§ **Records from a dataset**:
--- START ---

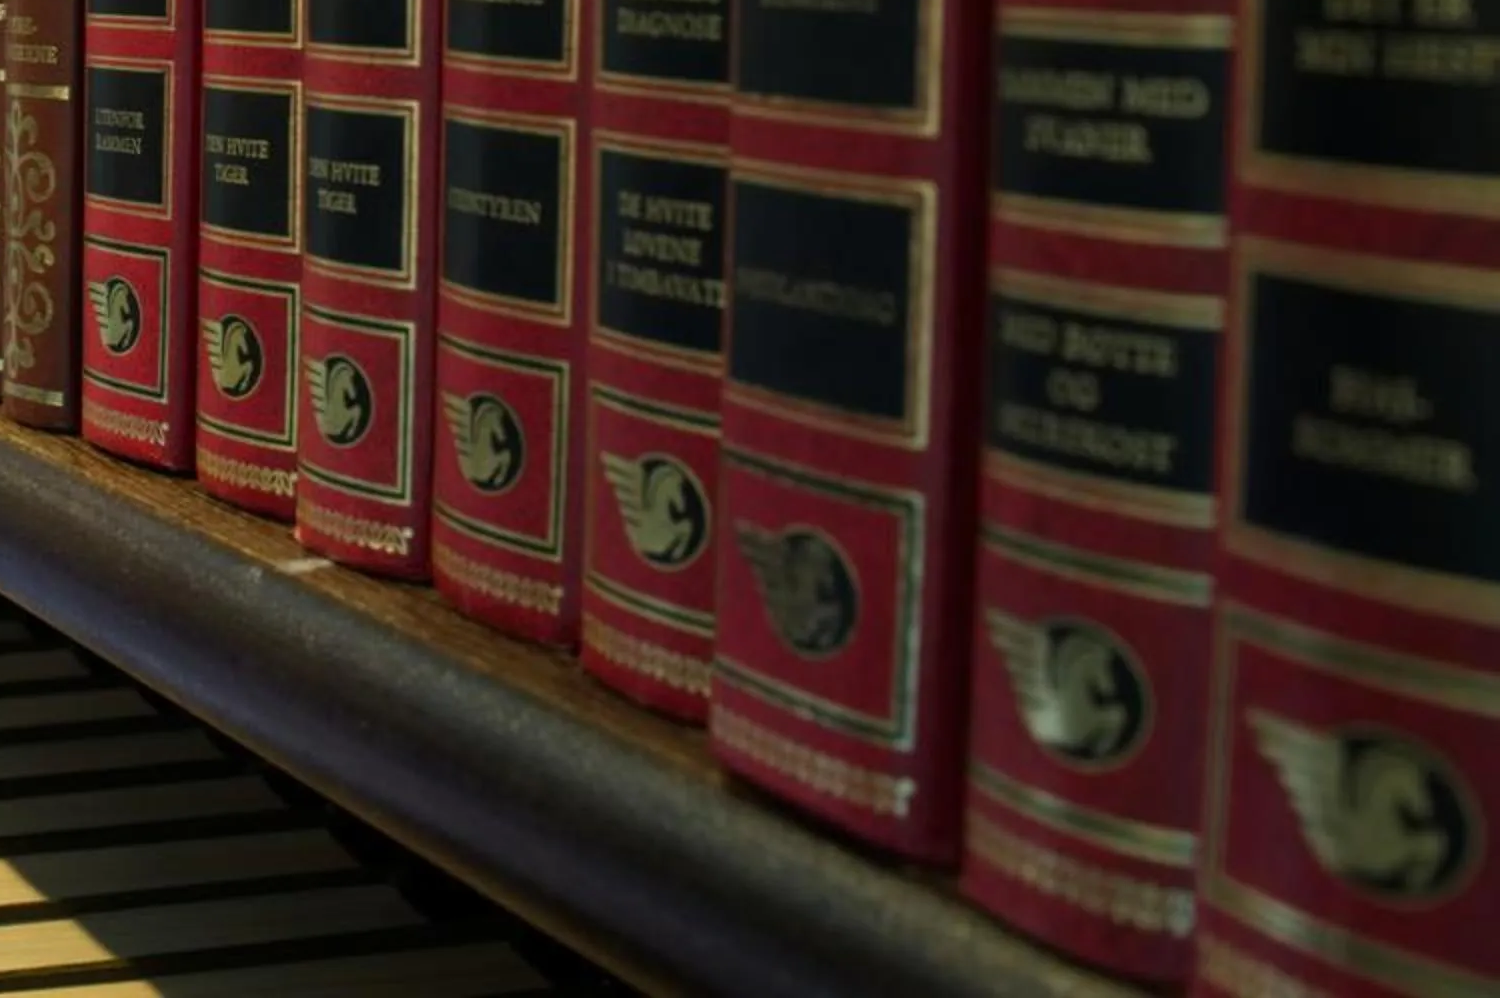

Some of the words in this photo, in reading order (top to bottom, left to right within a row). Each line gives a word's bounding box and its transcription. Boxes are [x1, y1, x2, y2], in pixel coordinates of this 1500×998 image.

[618, 8, 722, 41] DIAGNOSE
[226, 136, 270, 159] HVITE
[331, 161, 380, 187] HVITE
[645, 195, 713, 233] HVITE
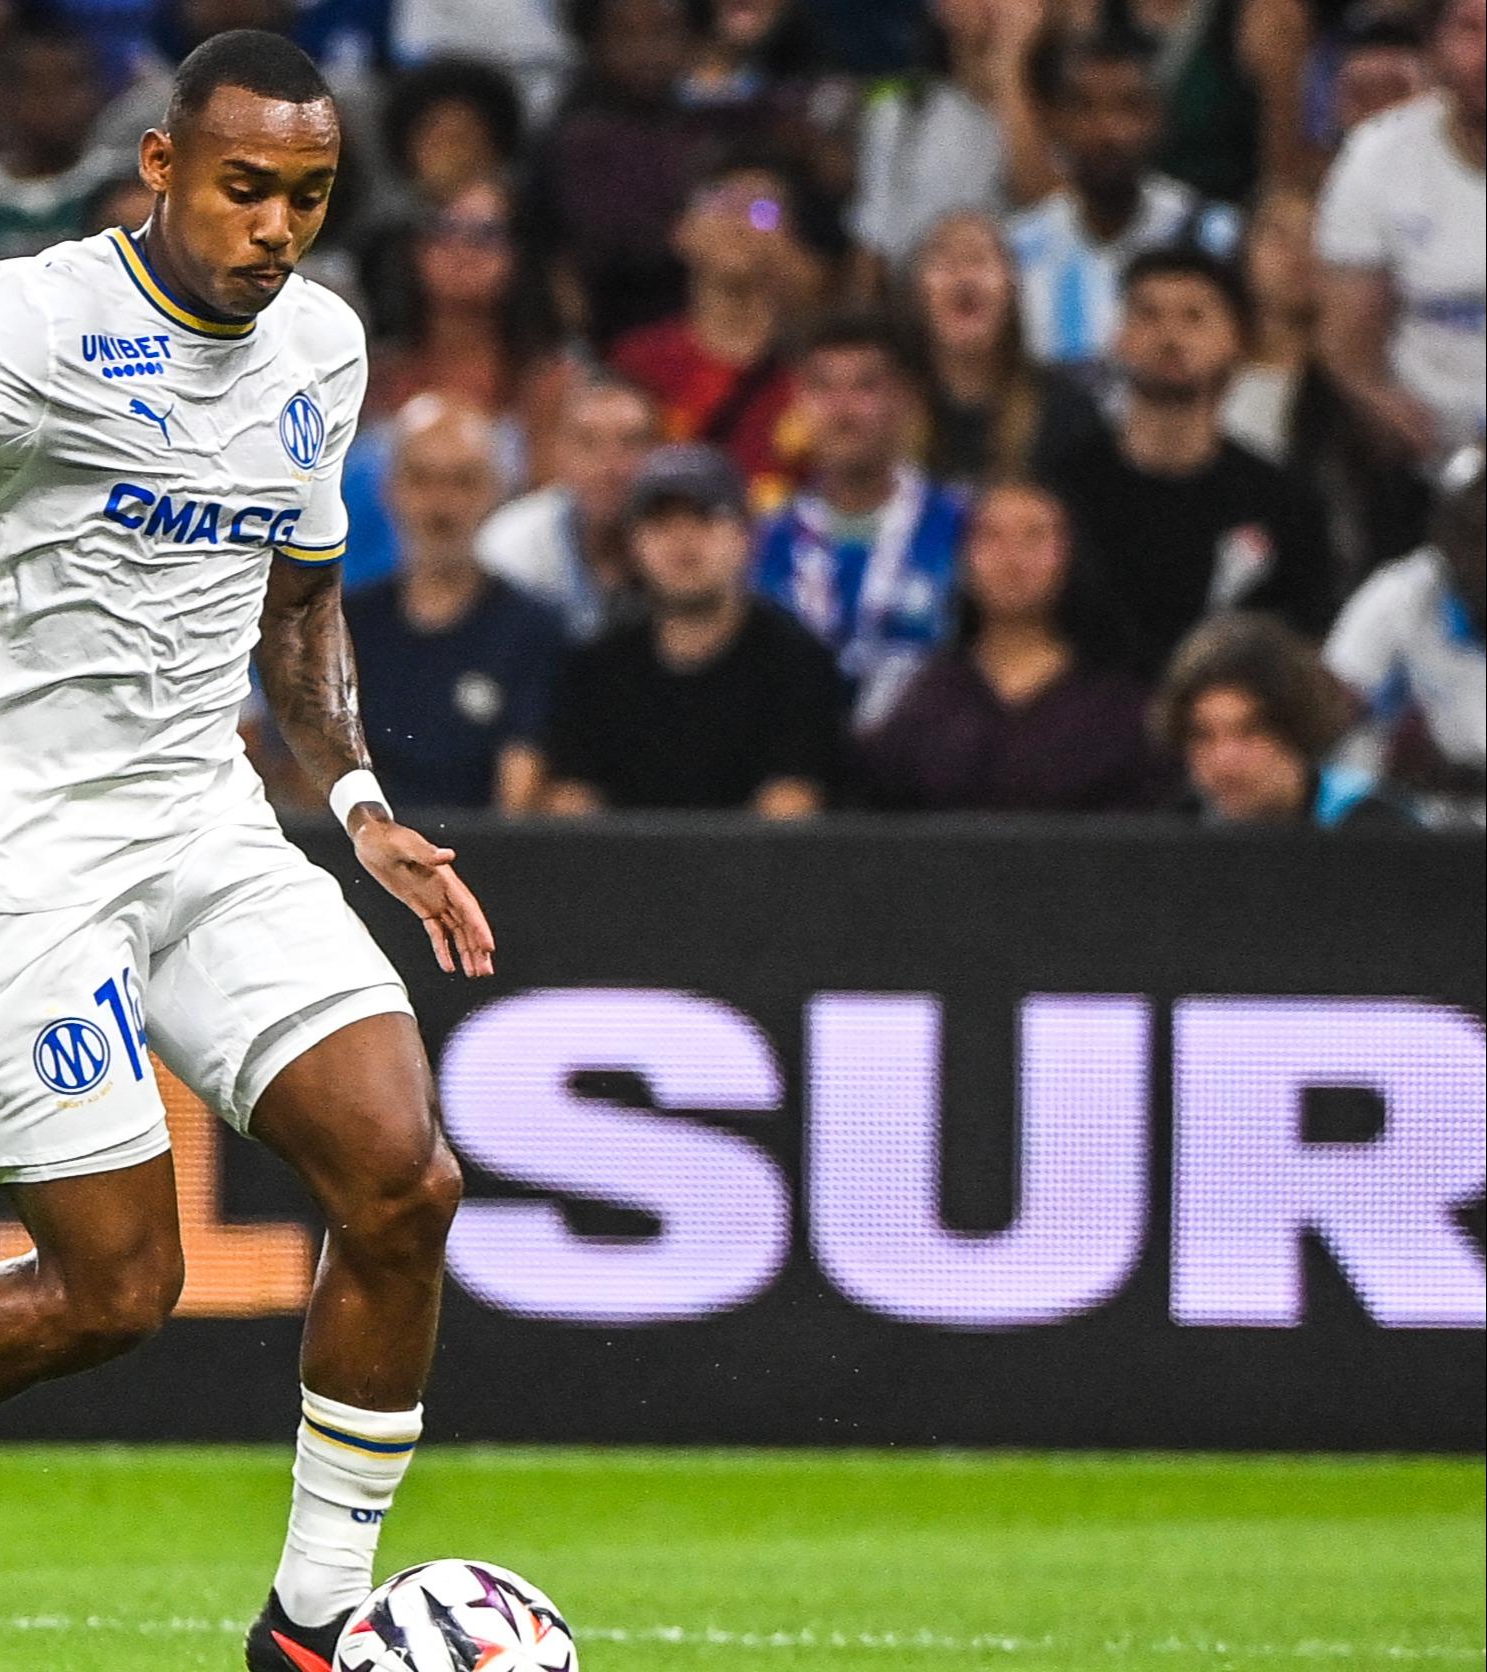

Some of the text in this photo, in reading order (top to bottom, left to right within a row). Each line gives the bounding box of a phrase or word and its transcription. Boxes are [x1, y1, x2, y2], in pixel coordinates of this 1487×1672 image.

[82, 335, 171, 362] UNIBET
[103, 482, 222, 544] CMA
[439, 988, 1486, 1328] SUR

--- END ---

§ **TASK REQUIREMENTS**: Please give the data above again in exact form and omit every picture.

§ **COMPLETED EXERCISE**:
Some of the words in this photo, in reading order (top to bottom, left to right within a row). Each line gives a word's bounding box and its transcription. Boxes are [x1, y1, x2, y2], in pixel coordinates of this 1500×998 image.

[618, 8, 722, 41] DIAGNOSE
[226, 136, 270, 159] HVITE
[331, 161, 380, 187] HVITE
[645, 195, 713, 233] HVITE

Some of the text in this photo, in reading order (top to bottom, left to right within a row). Each line gives the bounding box of a phrase or word and its transcription. Boxes are [x1, y1, x2, y2], in pixel coordinates of this 1487×1672 image.

[82, 335, 171, 362] UNIBET
[103, 482, 222, 544] CMA
[439, 988, 1486, 1328] SUR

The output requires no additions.